2. (The Woman and the Lake-Spirit.)1

 A girl refused to be married at the behest of her father. "To whom do you want to be married? You do not consent to be married to a man. Perhaps to a ke´lẹ you want to be married." She paid no attention (to her father's words). At the same time, every evening she would sing outside of the tent, "From the lake, O penis, come out!" After that she would enter (the house). Her father heard this, and said to his wife, "Oh, this daughter of ours, when we try to persuade her to marry, she quarrels with us; but to whom is she married? She is married to a ke´lẹ of the lake." They said nothing to her.
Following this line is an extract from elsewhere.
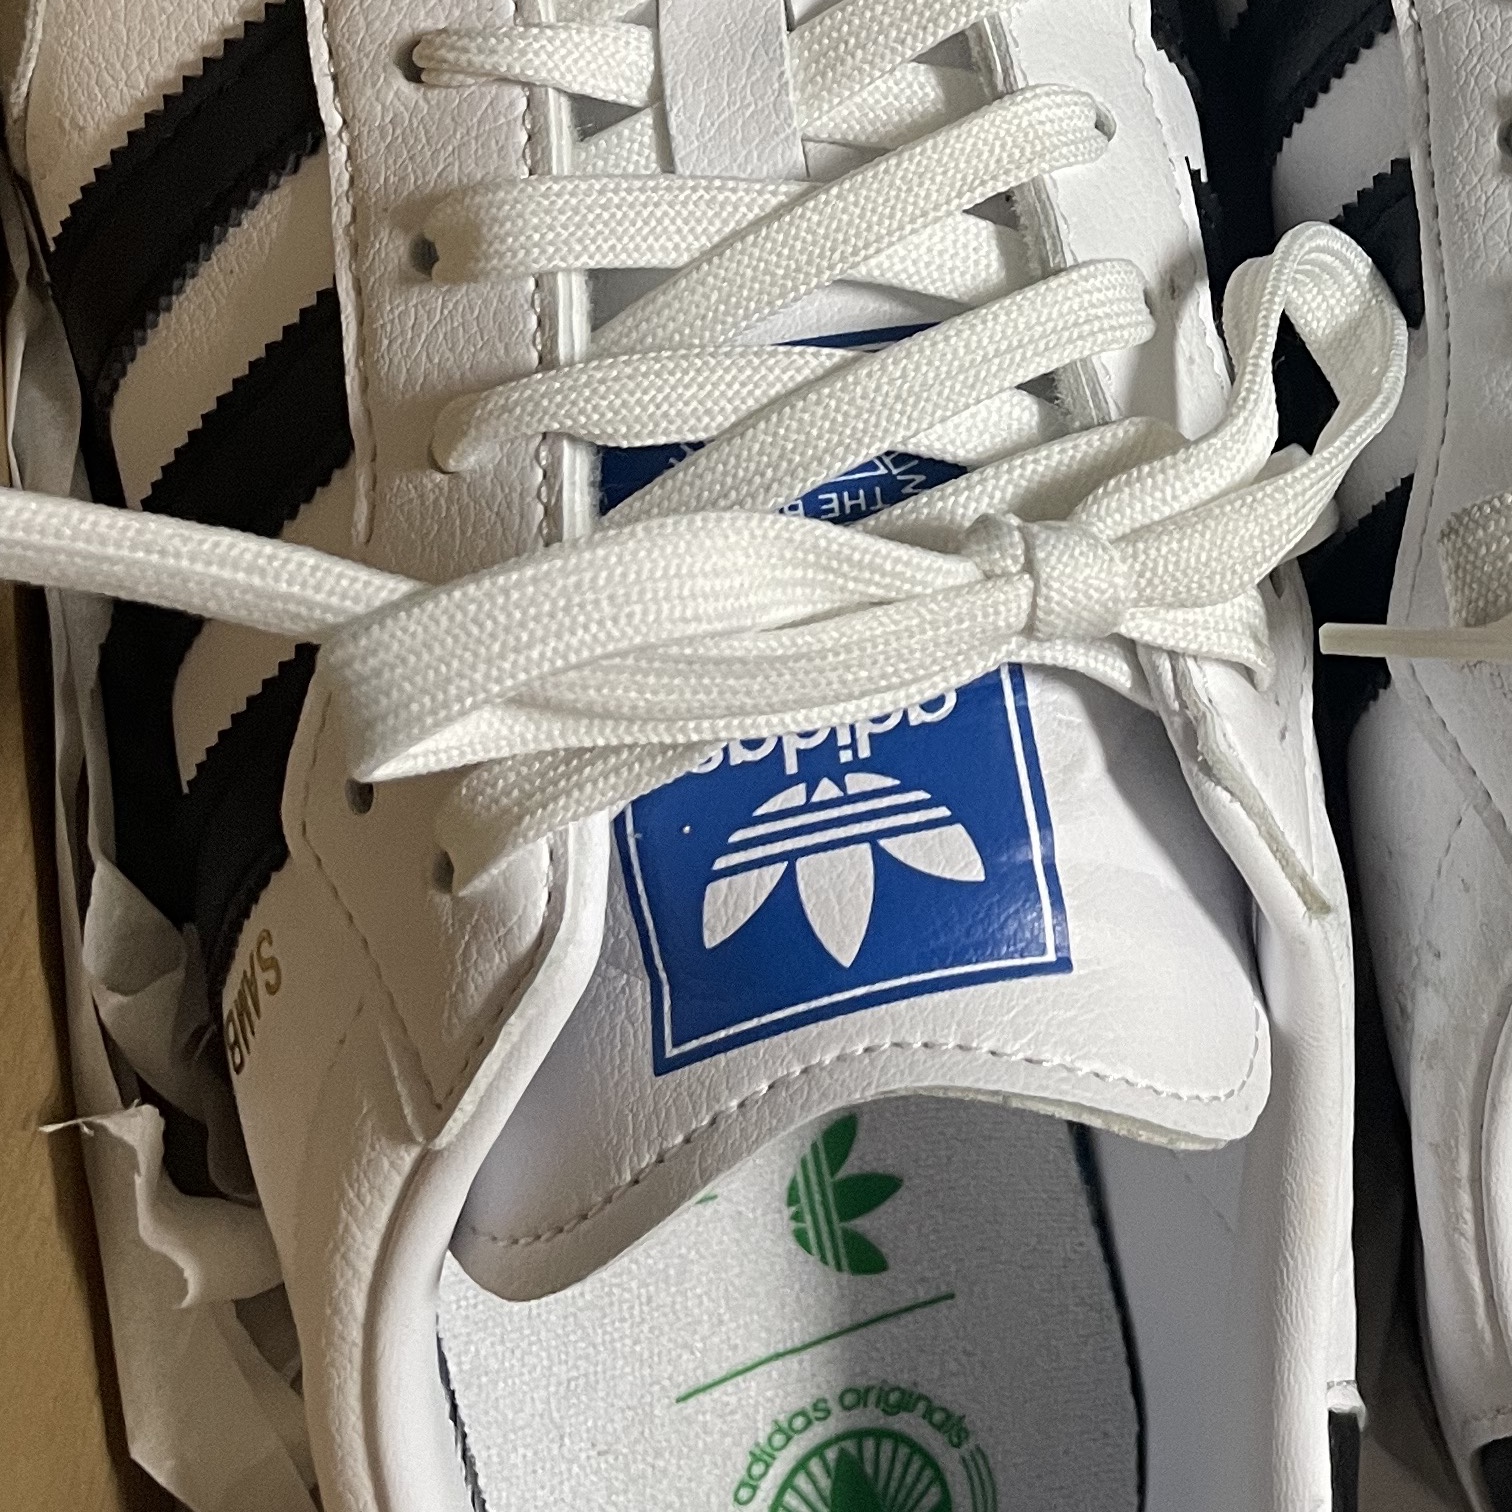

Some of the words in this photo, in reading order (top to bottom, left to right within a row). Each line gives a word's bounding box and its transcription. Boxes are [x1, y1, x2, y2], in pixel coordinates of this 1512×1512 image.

[818, 484, 888, 519] THE
[733, 1396, 832, 1506] adidas
[839, 1384, 970, 1449] originals
 Evening came. She went to the lake. Then she began to sing on the lake-shore. "From the lake, O penis, come out!" Then a [mere] penis appeared. She sat down upon it, and she herself copulated with it. At the dawn of the day she went home.

p. 27

 Then her father said to her, "Go and fetch some wood!" She obeyed. Meanwhile they went to the lake, he and his wife, and they deceived it (by this song): "From the lake, O penis, come out!" Then from the lake a penis was thrust out. They caught it and cut it off. Thus they killed it.

 The wood-carrier came home. Evening was approaching. The girl quickly cooked food. Evening came. Then again she went out to the lake. Then she was secretly watched. Again she began to sing, "From the lake, O penis, come out!" Nothing appeared. Another time, "From the lake, O penis, come out!" After that she even began to cry. "Oh, how strange!" Then again, "From the lake, O penis, come out!" Nothing (appeared).

 Then she cried. She sorrowed much for the penis. Her house-mates were secretly watching her. Oh, oh! but it was not there. She finished crying, and again (sang), "From the lake, O penis, come out!" She cried much, as if she were sorrowing for a dead (husband). At last she came home. She could not do anything. On the next day she went to the open country and found a bare skull.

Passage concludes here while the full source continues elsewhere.